In Syndromes & Disorders

Defining Attachment Disorder

So, what is Attachment Disorder?

Physical, mental and emotional bonds that are established between two people are known as attachments. The bonds can be between any of the following:

  • two adults
  • two children
  • an adult and a child
  • a parent and son or daughter
  • a child to a grandparent
  • an adult or child to a pet or object

While the attachment is considered one sided in reference to the connection between a child and an object, such as a favorite toy or blanket, it is still valid on the part of the child. It has been proven that attachments are formed between animals. When two lifelong companion animals are separated, either through death or distance, one or both of the animals can experience depression, aggression and other unpleasant side effects. The same is true for humans.

Individuals who have an attachment disorder are incapable of making and developing those connections. The resulting distance placed between two people can lead to frustration, anger, depression and emotional outbursts that will eventually affect every aspect of their lives. There are several different types of attachment disorders and each one can affect individuals in varying degrees.

What Is Attachment Disorder?

An attachment disorder in adults and children normally stems from their inability to connect to others on a mental and emotional level. This type of disorders presents itself through a person’s unwillingness to associate, communicate or otherwise, interact with others, no matter what their age. Reactive Attachment Disorder is found mostly in children. It is the result of poor care and nurturing on behalf of both the mother and other members of the family as well as caregivers. This disorder is commonly established in children prior to the age of 5 and is the direct result of negligent care on behalf of the individuals who normally would have been the ones to have assumed care and responsibility over the child from birth.
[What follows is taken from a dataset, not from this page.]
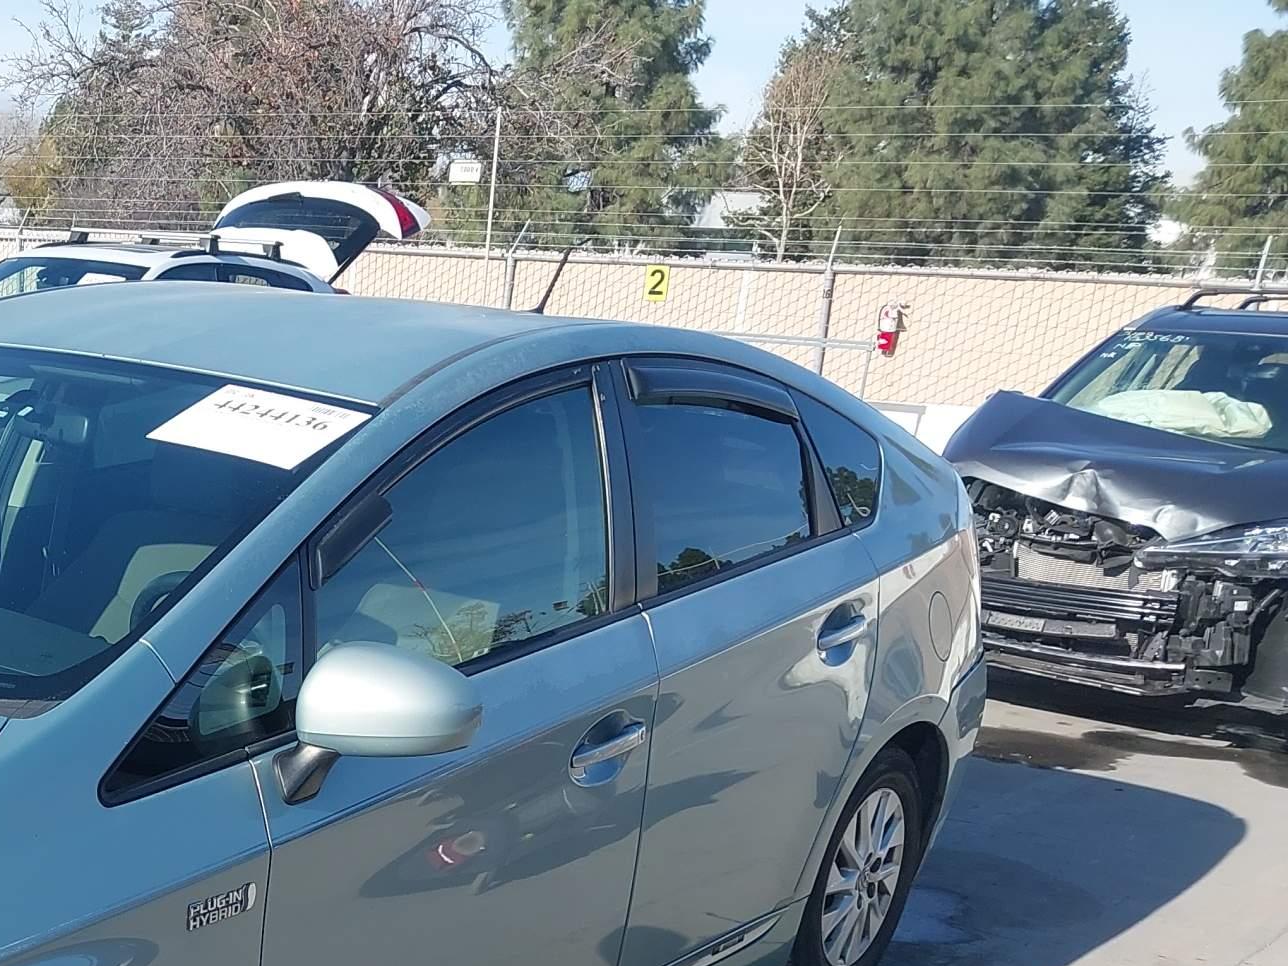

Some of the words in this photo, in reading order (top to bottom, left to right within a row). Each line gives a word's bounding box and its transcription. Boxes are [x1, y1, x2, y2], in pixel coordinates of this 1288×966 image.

[648, 269, 665, 295] 2
[213, 399, 328, 431] 44244136
[189, 903, 241, 931] HYBRID
[190, 888, 243, 918] PLUG-IN
Negative experiences that begin to occur in the earliest years of a child’s development can begin to affect how they interact with others throughout their lifetime. Developing a relationship with another person as an adult is extremely difficult if they were never taught how to accomplish the task when they were children. As a child, the ability to form, establish and nurture relationships begins at birth. When a child is neglected or does not receive positive reinforcement and attention, they can begin to dissociate themselves from those around them.

In the beginning this becomes a form of protection. As they age, however, it can result in destructive habits, poor relationships and severe bouts of chronic depression and mental illness. The ability to create and foster friendships and loving relationships is vitally important to a person’s overall health and well-being. Without the ability to establish these beneficial relationships, many individuals go through life alone and have little hope for the future. Most are rarely aware that what they are experiencing is even considered a treatable disorder. They perceive it as their normal because they were never taught otherwise.

Causes of Attachment Disorder

Attachment disorder can be the result of various forms of behavior on behalf of caregivers. Children who are left unattended and allowed to cry can often develop the disorder. Continued neglect can lead to physical health issues as well as stunted emotional development. A child needs to experience communication and interaction with adults and children to remain stimulated and connected to the world around them. Without them, they can withdraw and begin to avoid any type of connection. Children who are mentally, physically and verbally abused, as well as those who are left to fend for themselves when it comes to even the simplest of tasks such as eating and toileting, can isolate themselves to a point where emotional connection with another person is almost impossible.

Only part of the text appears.